MSE Master of Science in Engineering

The Swiss engineering master's degree

Each module contains 3 ECTS. You choose a total of 10 modules/30 ECTS in the following module categories: 

  • 12-15 ECTS in technical scientific modules (TSM)
    TSM modules teach profile-specific specialist skills and supplement the decentralised specialisation modules.
  • 9-12 ECTS in fundamental theoretical principles modules (FTP)
    FTP modules deal with theoretical fundamentals such as higher mathematics, physics, information theory, chemistry, etc. They will teach more detailed, abstract scientific knowledge and help you to bridge the gap between abstraction and application that is so important for innovation.
  • 6-9 ECTS in context modules (CM)
    CM modules will impart additional skills in areas such as technology management, business administration, communication, project management, patent law, contract law, etc.

In the module description (download pdf) you find the entire language information per module divided into the following categories:

  • instruction
  • documentation
  • examination 
The Physics of Materials and Engineering Devices (FTP_Physics)

The students understand and are able to explain the basic principles of important engineering devices in relation to material properties and by applying microscopic concepts. These concepts include electrons and holes in solids, energy band structures of metals and semiconductors, polarization mechanisms in dielectrics and in piezoelectric materials, elementary dipole moments in magnetic materials and pairing of electrons in superconductors (Cooper pairs). Actual applications such as thermocouples, photovoltaic cells (solar cells), light emitting diodes (LED), piezoelectric actuators, magnetic sensors and data storage devices can be discussed by means of these concepts. This module will allow the students to understand modern concepts of prevailing technologies and use them in the future.
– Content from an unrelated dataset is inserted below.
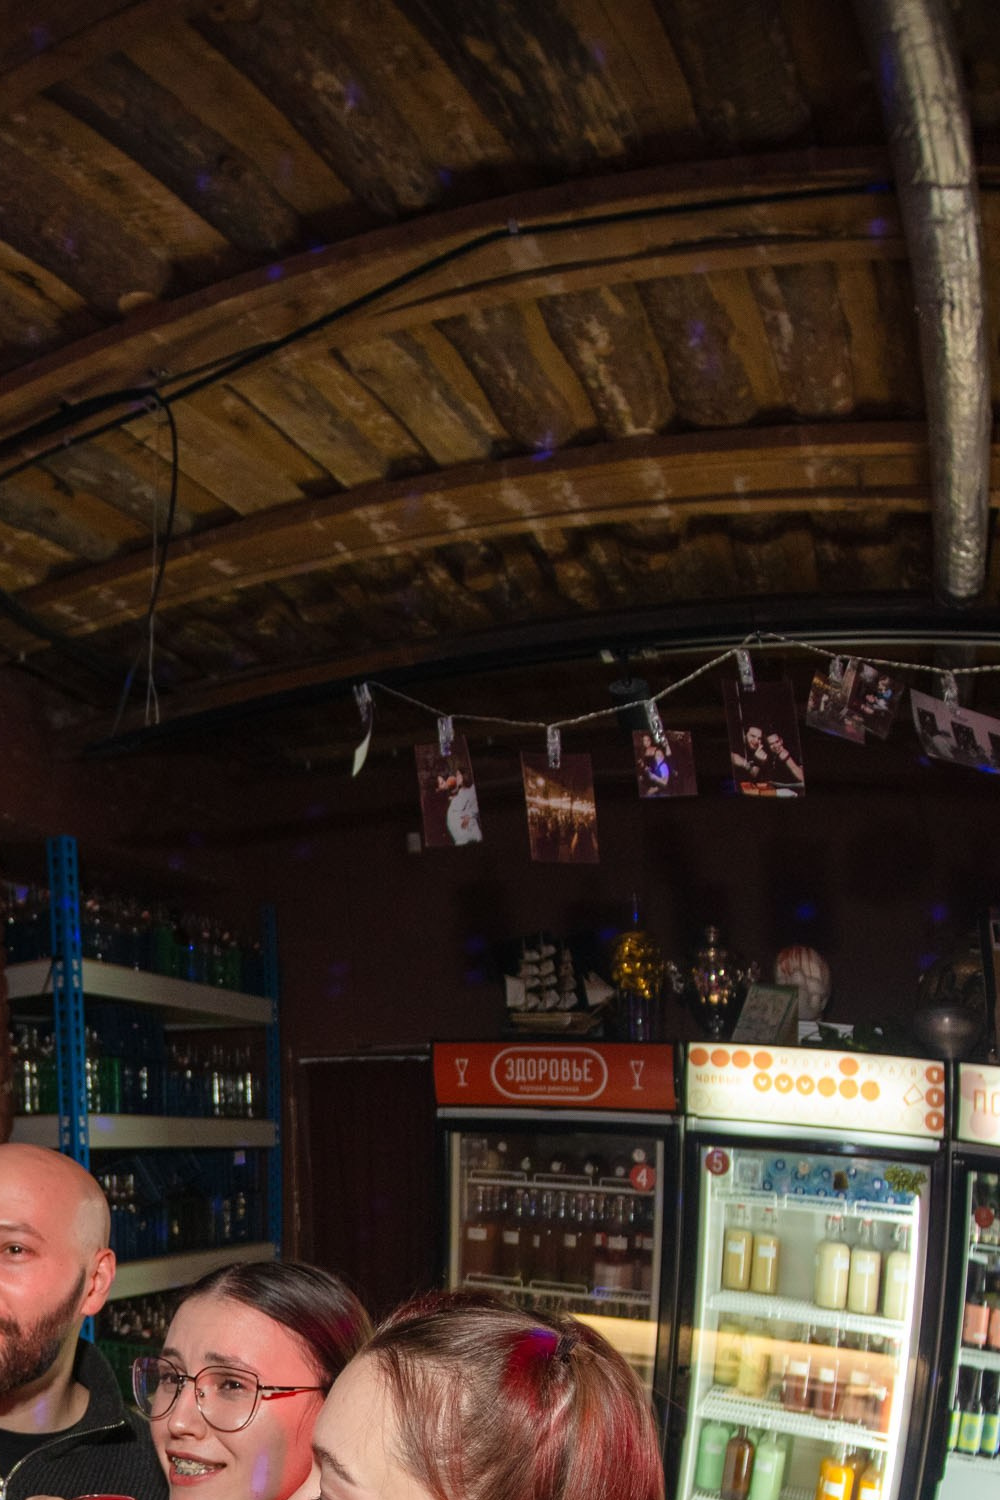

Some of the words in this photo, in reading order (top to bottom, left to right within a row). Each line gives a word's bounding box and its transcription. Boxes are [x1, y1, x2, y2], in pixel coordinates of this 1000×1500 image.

[505, 1058, 594, 1083] ЗДОРОВЬЕ
[712, 1152, 723, 1171] 5
[636, 1170, 648, 1187] 4
A solid knowledge of the fundamentals of physics is essential. Notions such as energy, force, thermal energy  kBT, specific heat capacity, oscillations, resonance frequency, waves, electromagnetic field vectors: E, D, B and H, electric capacitance C, dielectric constant epsr and Bohr's model of atoms are mandatory. Also required are simple differential equations and complex numbers, in particular e-iwt.

Learning Objectives

The students

  • understand the thermal and electric conduction in solids using the kinetic description of particles
  • can relate thermal conduction to electric conduction via microscopic models
  • are able to describe the principles of thermocouples and diodes by means of energy bands, Fermi energy and contact potential
  • can explain the physical origin and technical realization of vertical resolution of scanning probe microscopes (atomic force microscope, scanning tunnelling microscope) in the nanometer range
  • know the classification of magnetic materials and can name examples of their technological applications
  • understand the difference between the Meissner effect of a superconductor and a perfect diamagnetic material
  • are capable to solve quantitative problems to all topics of this module.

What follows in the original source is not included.